Saved data entries:
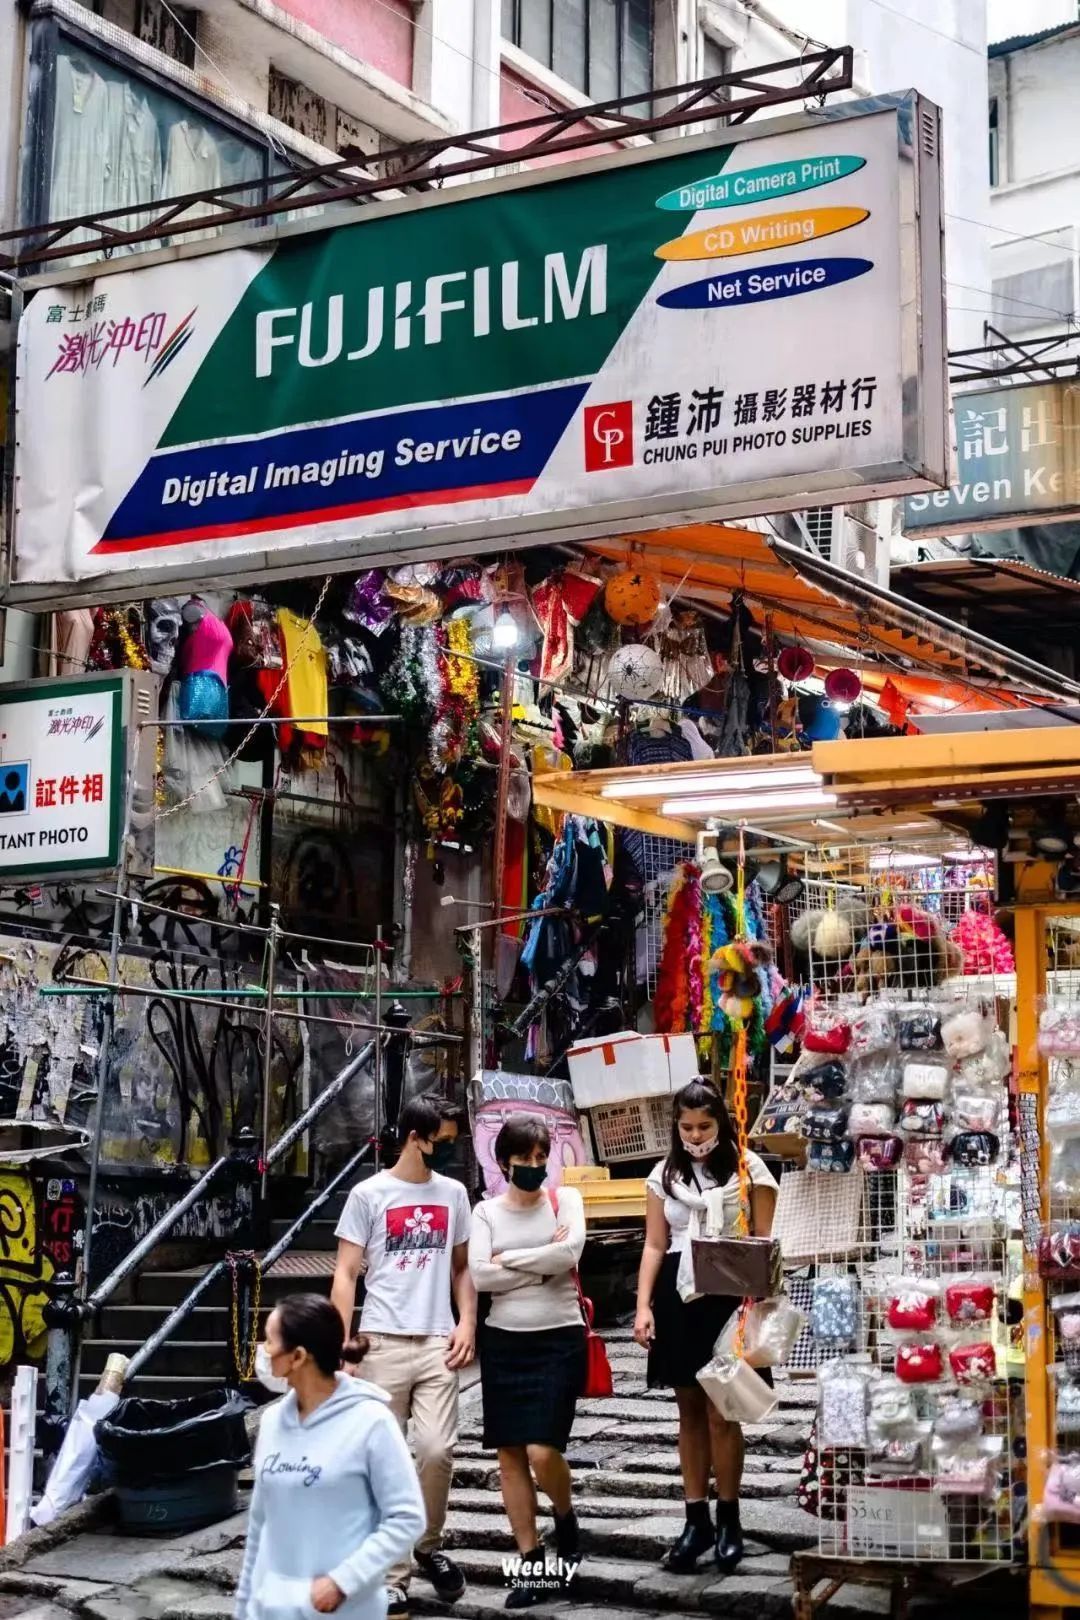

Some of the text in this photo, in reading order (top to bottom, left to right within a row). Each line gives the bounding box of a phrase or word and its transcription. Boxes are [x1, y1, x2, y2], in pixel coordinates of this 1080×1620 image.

[680, 158, 841, 208] Digital Camera Print
[704, 218, 814, 253] CD Writing
[708, 267, 826, 301] Net Service
[256, 244, 608, 378] FUJIFILM
[734, 376, 877, 427] 攝影器材行
[643, 420, 872, 465] CHUNG PUI PHOTO SUPPLIES
[161, 428, 522, 507] Digital Imaging Service
[909, 477, 1012, 511] Seven
[35, 773, 103, 808] 証件相
[39, 826, 89, 846] PHOTO

WHAT THE EXERCISE ASKS —
Above are records with pictures; repeat the records exactly and leave the pictures out.

OUTPUT OF THE EXERCISE —
Some of the text in this photo, in reading order (top to bottom, left to right within a row). Each line gives the bounding box of a phrase or word and its transcription. Boxes are [x1, y1, x2, y2], in pixel coordinates of this 1080×1620 image.

[680, 158, 841, 208] Digital Camera Print
[704, 218, 814, 253] CD Writing
[708, 267, 826, 301] Net Service
[256, 244, 608, 378] FUJIFILM
[734, 376, 877, 427] 攝影器材行
[643, 420, 872, 465] CHUNG PUI PHOTO SUPPLIES
[161, 428, 522, 507] Digital Imaging Service
[909, 477, 1012, 511] Seven
[35, 773, 103, 808] 証件相
[39, 826, 89, 846] PHOTO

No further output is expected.